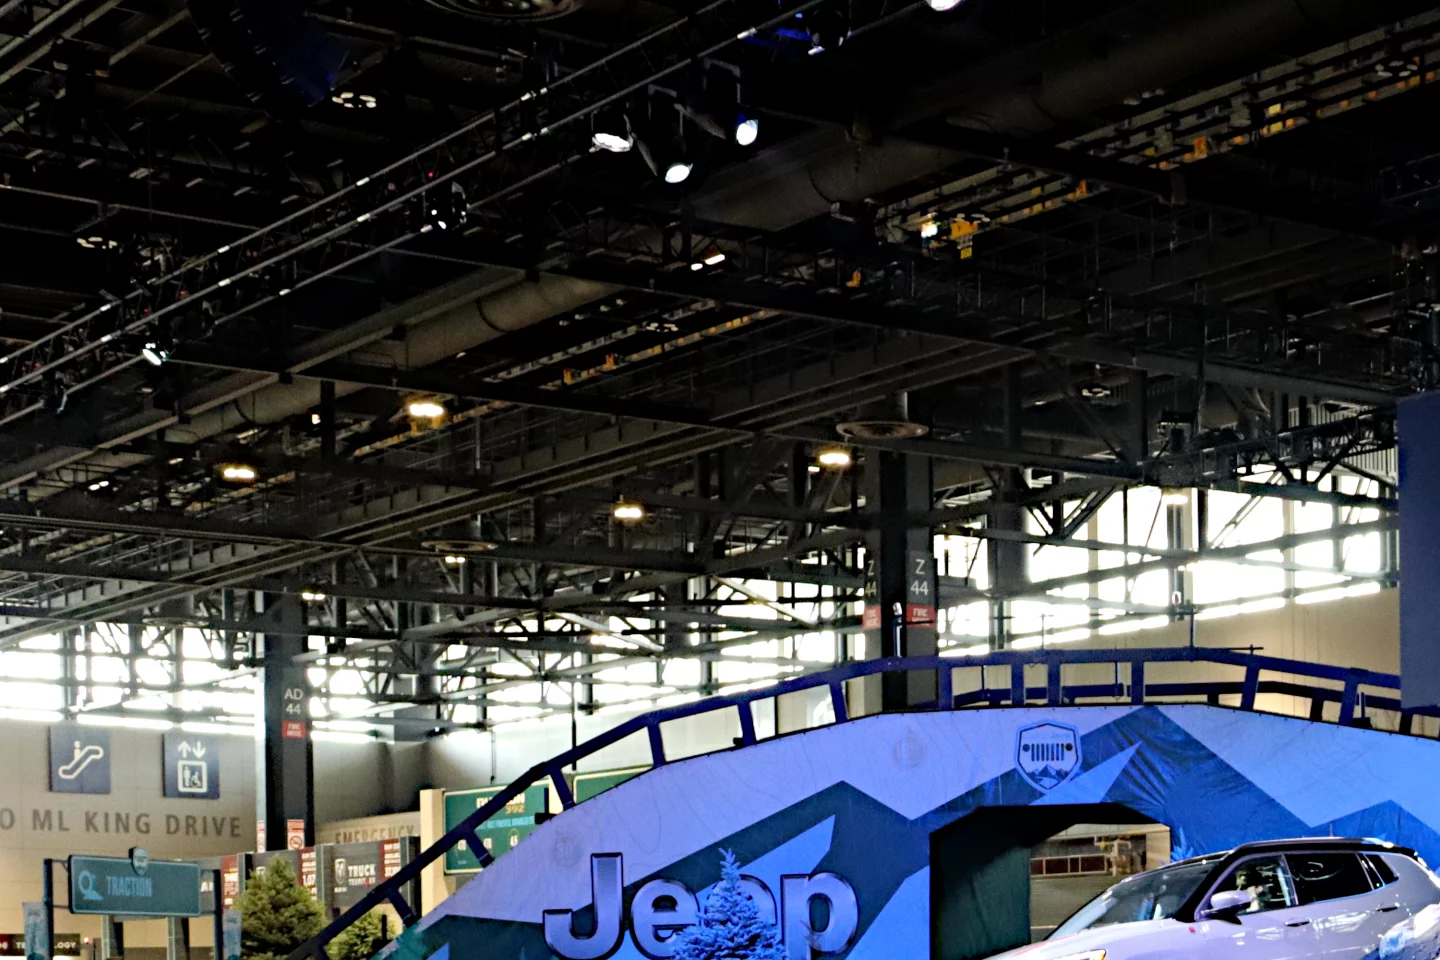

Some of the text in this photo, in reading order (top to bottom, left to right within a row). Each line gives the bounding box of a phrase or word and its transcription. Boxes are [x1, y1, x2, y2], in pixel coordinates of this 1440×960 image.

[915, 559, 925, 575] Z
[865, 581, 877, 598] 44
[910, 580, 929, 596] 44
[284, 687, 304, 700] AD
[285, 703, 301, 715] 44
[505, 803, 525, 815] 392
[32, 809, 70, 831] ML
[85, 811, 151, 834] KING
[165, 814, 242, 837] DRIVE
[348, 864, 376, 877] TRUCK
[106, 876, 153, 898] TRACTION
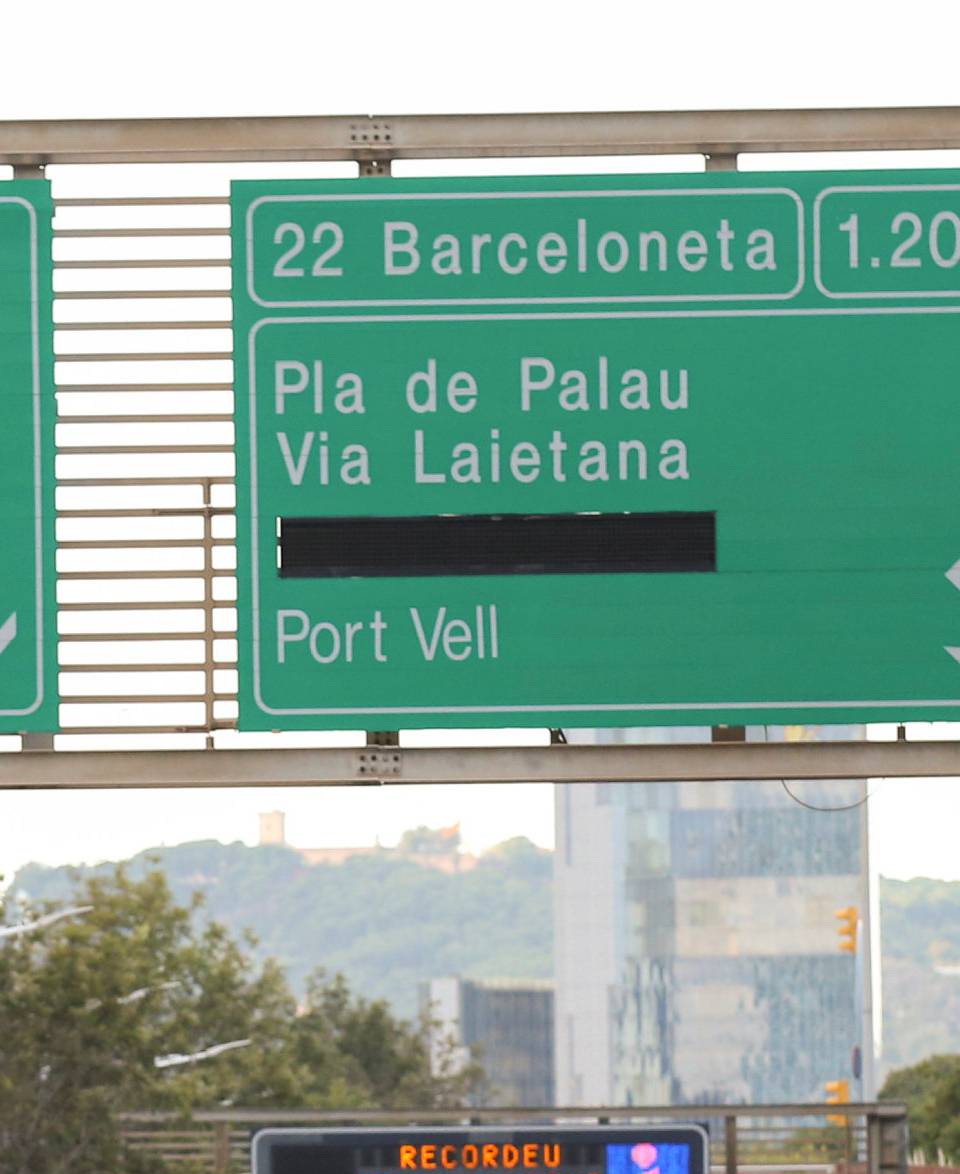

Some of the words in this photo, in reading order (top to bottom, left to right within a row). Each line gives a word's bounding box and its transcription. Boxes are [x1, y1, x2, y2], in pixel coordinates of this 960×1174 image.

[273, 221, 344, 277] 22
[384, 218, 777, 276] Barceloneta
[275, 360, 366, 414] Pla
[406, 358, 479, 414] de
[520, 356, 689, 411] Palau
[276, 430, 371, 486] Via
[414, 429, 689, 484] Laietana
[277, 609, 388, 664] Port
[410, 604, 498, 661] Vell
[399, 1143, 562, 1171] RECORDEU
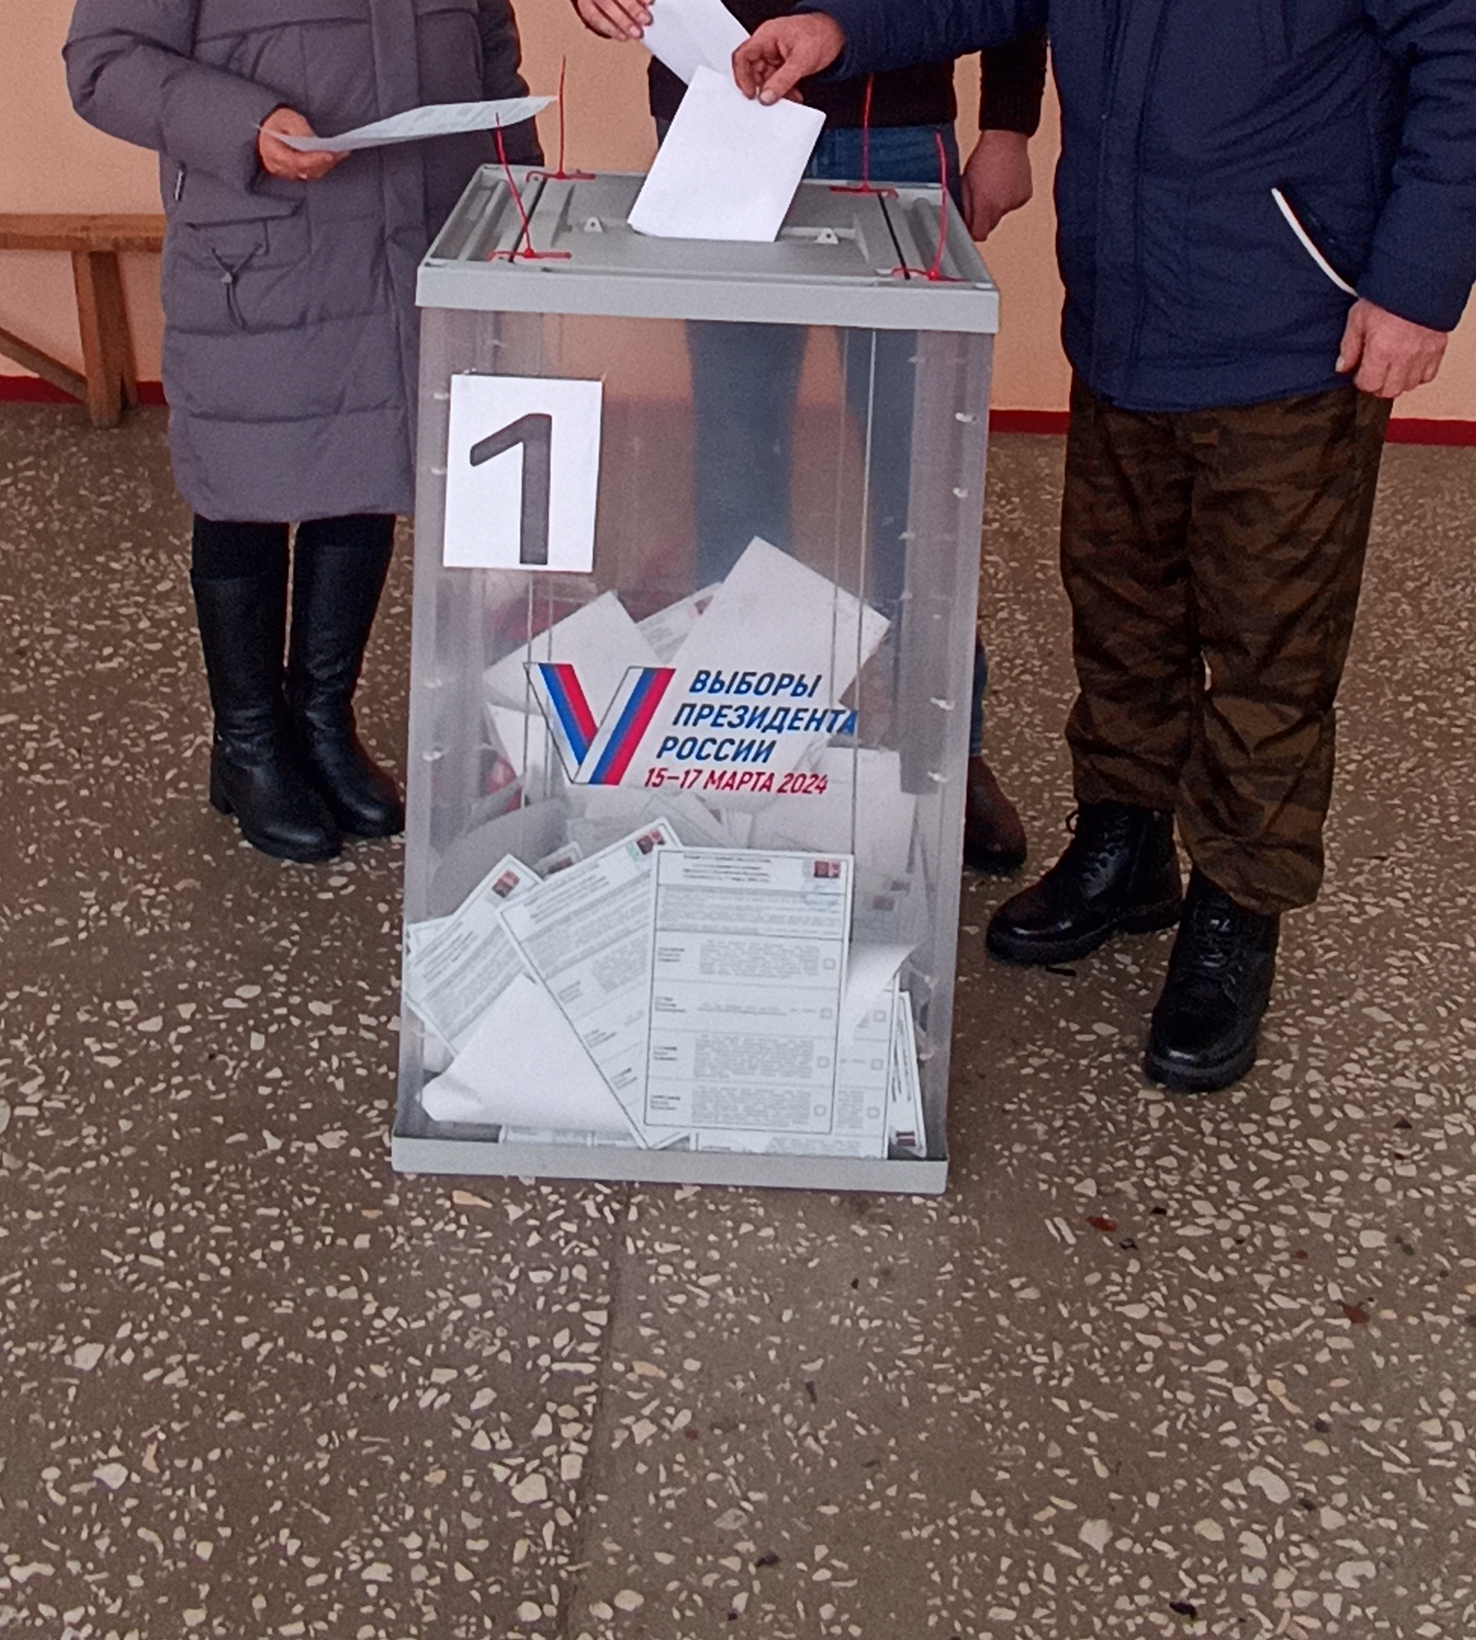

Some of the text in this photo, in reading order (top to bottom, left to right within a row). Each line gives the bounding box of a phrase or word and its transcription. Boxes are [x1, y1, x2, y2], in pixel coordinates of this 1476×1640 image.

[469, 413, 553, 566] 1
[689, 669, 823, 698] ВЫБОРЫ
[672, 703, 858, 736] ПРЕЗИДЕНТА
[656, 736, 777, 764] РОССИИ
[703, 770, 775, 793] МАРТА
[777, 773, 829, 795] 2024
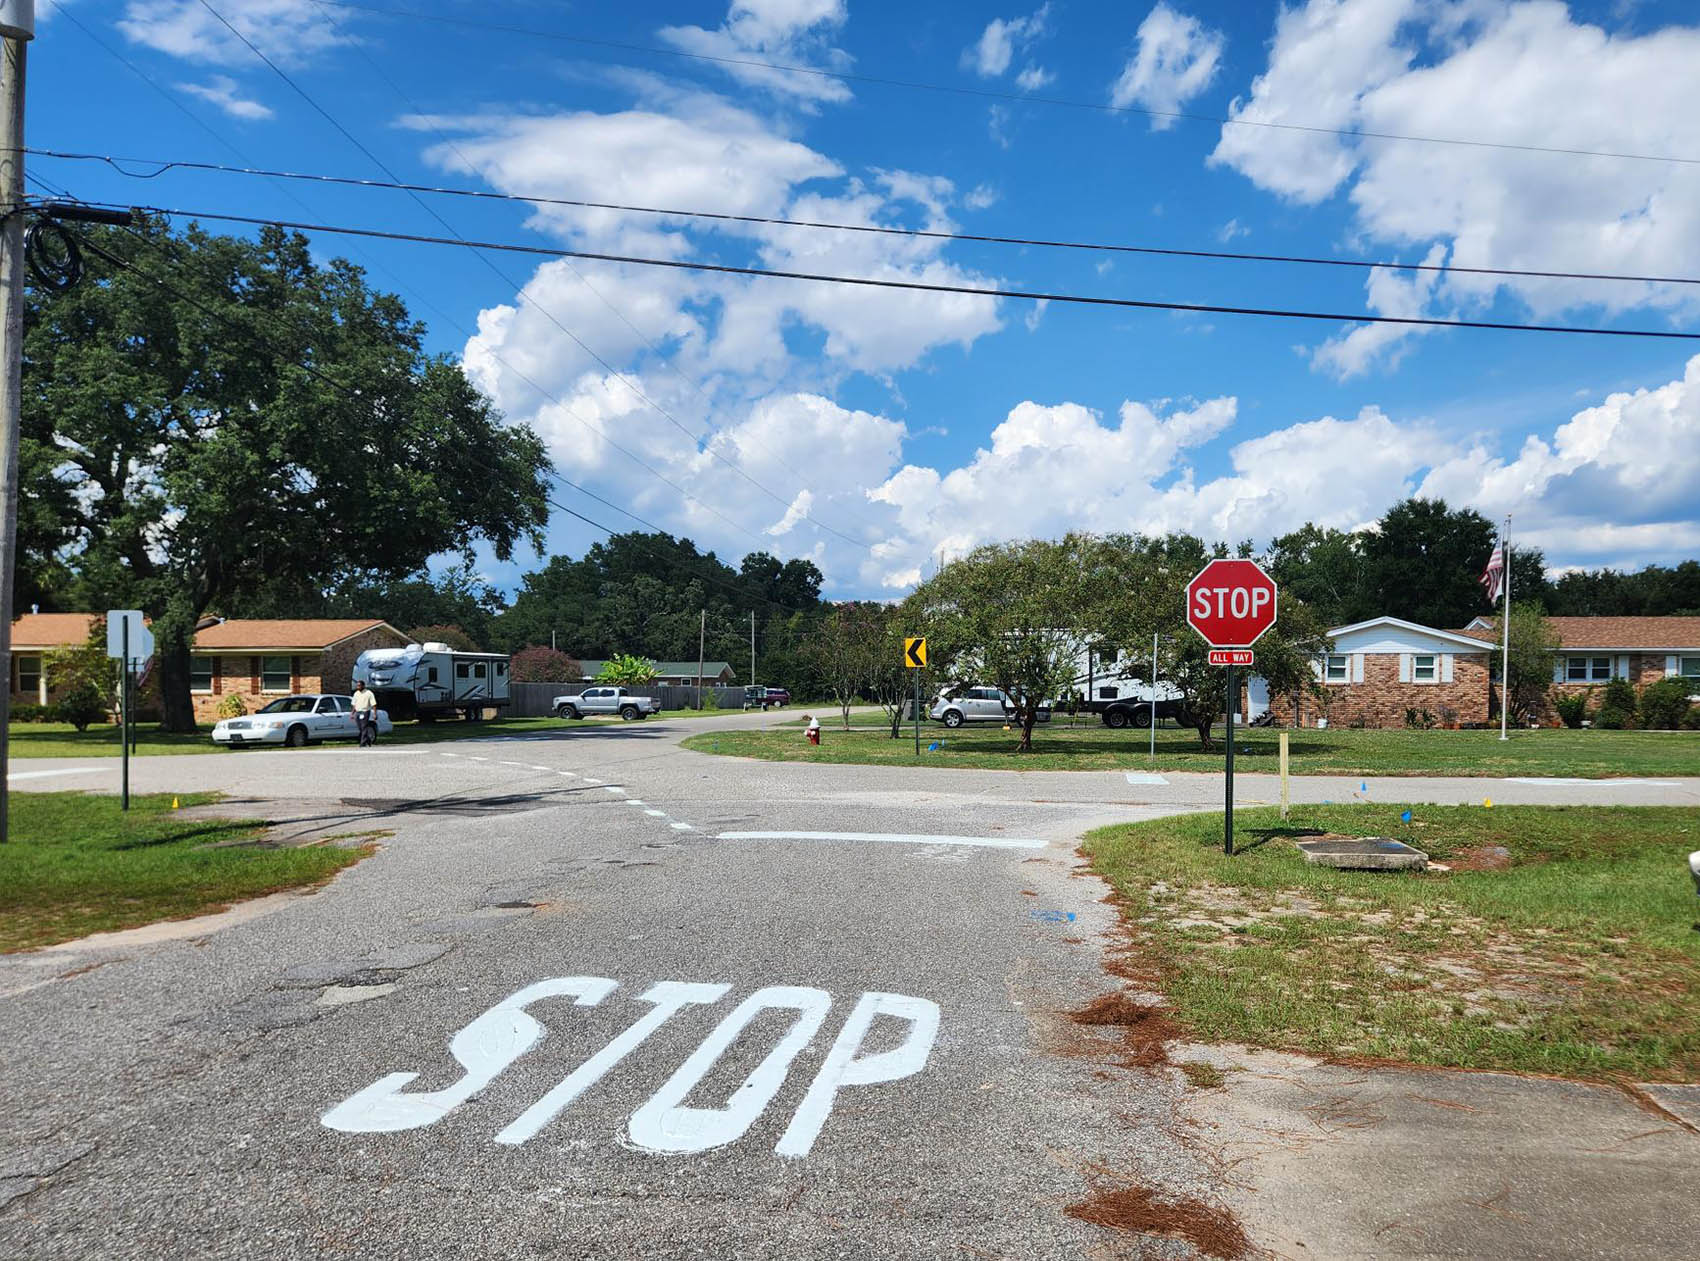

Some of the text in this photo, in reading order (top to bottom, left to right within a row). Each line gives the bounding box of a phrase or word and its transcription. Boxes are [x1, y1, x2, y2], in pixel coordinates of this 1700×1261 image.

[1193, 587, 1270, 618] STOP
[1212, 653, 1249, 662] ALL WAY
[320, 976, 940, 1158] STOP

##########

Work to be completed: Nothing but the lines from the one that contains "this 1476×1640 image." through the last line of the material should be written out, exactly. Omit pictures.

Response:
Some of the text in this photo, in reading order (top to bottom, left to right within a row). Each line gives the bounding box of a phrase or word and its transcription. Boxes are [x1, y1, x2, y2], in pixel coordinates of this 1476×1640 image.

[469, 413, 553, 566] 1
[689, 669, 823, 698] ВЫБОРЫ
[672, 703, 858, 736] ПРЕЗИДЕНТА
[656, 736, 777, 764] РОССИИ
[703, 770, 775, 793] МАРТА
[777, 773, 829, 795] 2024

Some of the text in this photo, in reading order (top to bottom, left to right within a row). Each line gives the bounding box of a phrase or word and its transcription. Boxes are [x1, y1, x2, y2], in pixel coordinates of this 1700×1261 image.

[1193, 587, 1270, 618] STOP
[1212, 653, 1249, 662] ALL WAY
[320, 976, 940, 1158] STOP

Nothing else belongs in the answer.